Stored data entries

......

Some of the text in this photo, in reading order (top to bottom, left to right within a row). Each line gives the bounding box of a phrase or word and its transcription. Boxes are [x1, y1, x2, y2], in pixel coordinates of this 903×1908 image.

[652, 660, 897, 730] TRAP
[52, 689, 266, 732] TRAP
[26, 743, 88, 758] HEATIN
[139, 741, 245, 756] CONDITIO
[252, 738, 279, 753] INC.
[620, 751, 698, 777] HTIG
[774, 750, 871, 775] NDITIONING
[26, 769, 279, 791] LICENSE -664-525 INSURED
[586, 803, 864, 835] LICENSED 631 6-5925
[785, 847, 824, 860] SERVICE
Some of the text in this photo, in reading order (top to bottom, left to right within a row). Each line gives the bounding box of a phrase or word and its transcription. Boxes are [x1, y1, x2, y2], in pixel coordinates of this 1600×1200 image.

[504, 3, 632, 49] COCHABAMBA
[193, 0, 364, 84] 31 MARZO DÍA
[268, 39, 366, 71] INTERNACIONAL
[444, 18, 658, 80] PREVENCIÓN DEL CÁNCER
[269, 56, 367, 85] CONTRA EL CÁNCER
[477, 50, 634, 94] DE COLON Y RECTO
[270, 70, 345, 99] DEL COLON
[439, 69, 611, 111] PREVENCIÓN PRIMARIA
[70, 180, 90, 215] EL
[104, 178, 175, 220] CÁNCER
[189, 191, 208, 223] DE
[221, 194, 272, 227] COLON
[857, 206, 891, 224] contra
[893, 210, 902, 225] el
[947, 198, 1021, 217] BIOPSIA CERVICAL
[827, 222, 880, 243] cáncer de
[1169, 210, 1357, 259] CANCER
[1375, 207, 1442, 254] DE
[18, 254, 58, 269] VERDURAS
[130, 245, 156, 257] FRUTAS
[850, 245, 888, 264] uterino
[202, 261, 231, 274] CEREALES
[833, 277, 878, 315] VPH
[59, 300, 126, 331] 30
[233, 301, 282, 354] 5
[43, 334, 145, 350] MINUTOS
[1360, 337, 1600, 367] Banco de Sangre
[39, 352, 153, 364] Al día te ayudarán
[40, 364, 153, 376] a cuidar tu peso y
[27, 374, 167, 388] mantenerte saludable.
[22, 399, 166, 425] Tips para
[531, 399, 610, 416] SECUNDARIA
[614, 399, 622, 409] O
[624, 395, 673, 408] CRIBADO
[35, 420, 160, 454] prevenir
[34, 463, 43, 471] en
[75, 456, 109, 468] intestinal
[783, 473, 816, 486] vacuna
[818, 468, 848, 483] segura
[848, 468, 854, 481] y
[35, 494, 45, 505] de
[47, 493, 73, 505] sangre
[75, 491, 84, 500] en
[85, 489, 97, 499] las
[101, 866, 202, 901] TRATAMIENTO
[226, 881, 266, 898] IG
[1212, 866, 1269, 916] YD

......

What the exercise asks >>
Every entry is to be retyped word for word.

Reply to the task >>
Some of the text in this photo, in reading order (top to bottom, left to right within a row). Each line gives the bounding box of a phrase or word and its transcription. Boxes are [x1, y1, x2, y2], in pixel coordinates of this 903×1908 image.

[652, 660, 897, 730] TRAP
[52, 689, 266, 732] TRAP
[26, 743, 88, 758] HEATIN
[139, 741, 245, 756] CONDITIO
[252, 738, 279, 753] INC.
[620, 751, 698, 777] HTIG
[774, 750, 871, 775] NDITIONING
[26, 769, 279, 791] LICENSE -664-525 INSURED
[586, 803, 864, 835] LICENSED 631 6-5925
[785, 847, 824, 860] SERVICE
Some of the text in this photo, in reading order (top to bottom, left to right within a row). Each line gives the bounding box of a phrase or word and its transcription. Boxes are [x1, y1, x2, y2], in pixel coordinates of this 1600×1200 image.

[504, 3, 632, 49] COCHABAMBA
[193, 0, 364, 84] 31 MARZO DÍA
[268, 39, 366, 71] INTERNACIONAL
[444, 18, 658, 80] PREVENCIÓN DEL CÁNCER
[269, 56, 367, 85] CONTRA EL CÁNCER
[477, 50, 634, 94] DE COLON Y RECTO
[270, 70, 345, 99] DEL COLON
[439, 69, 611, 111] PREVENCIÓN PRIMARIA
[70, 180, 90, 215] EL
[104, 178, 175, 220] CÁNCER
[189, 191, 208, 223] DE
[221, 194, 272, 227] COLON
[857, 206, 891, 224] contra
[893, 210, 902, 225] el
[947, 198, 1021, 217] BIOPSIA CERVICAL
[827, 222, 880, 243] cáncer de
[1169, 210, 1357, 259] CANCER
[1375, 207, 1442, 254] DE
[18, 254, 58, 269] VERDURAS
[130, 245, 156, 257] FRUTAS
[850, 245, 888, 264] uterino
[202, 261, 231, 274] CEREALES
[833, 277, 878, 315] VPH
[59, 300, 126, 331] 30
[233, 301, 282, 354] 5
[43, 334, 145, 350] MINUTOS
[1360, 337, 1600, 367] Banco de Sangre
[39, 352, 153, 364] Al día te ayudarán
[40, 364, 153, 376] a cuidar tu peso y
[27, 374, 167, 388] mantenerte saludable.
[22, 399, 166, 425] Tips para
[531, 399, 610, 416] SECUNDARIA
[614, 399, 622, 409] O
[624, 395, 673, 408] CRIBADO
[35, 420, 160, 454] prevenir
[34, 463, 43, 471] en
[75, 456, 109, 468] intestinal
[783, 473, 816, 486] vacuna
[818, 468, 848, 483] segura
[848, 468, 854, 481] y
[35, 494, 45, 505] de
[47, 493, 73, 505] sangre
[75, 491, 84, 500] en
[85, 489, 97, 499] las
[101, 866, 202, 901] TRATAMIENTO
[226, 881, 266, 898] IG
[1212, 866, 1269, 916] YD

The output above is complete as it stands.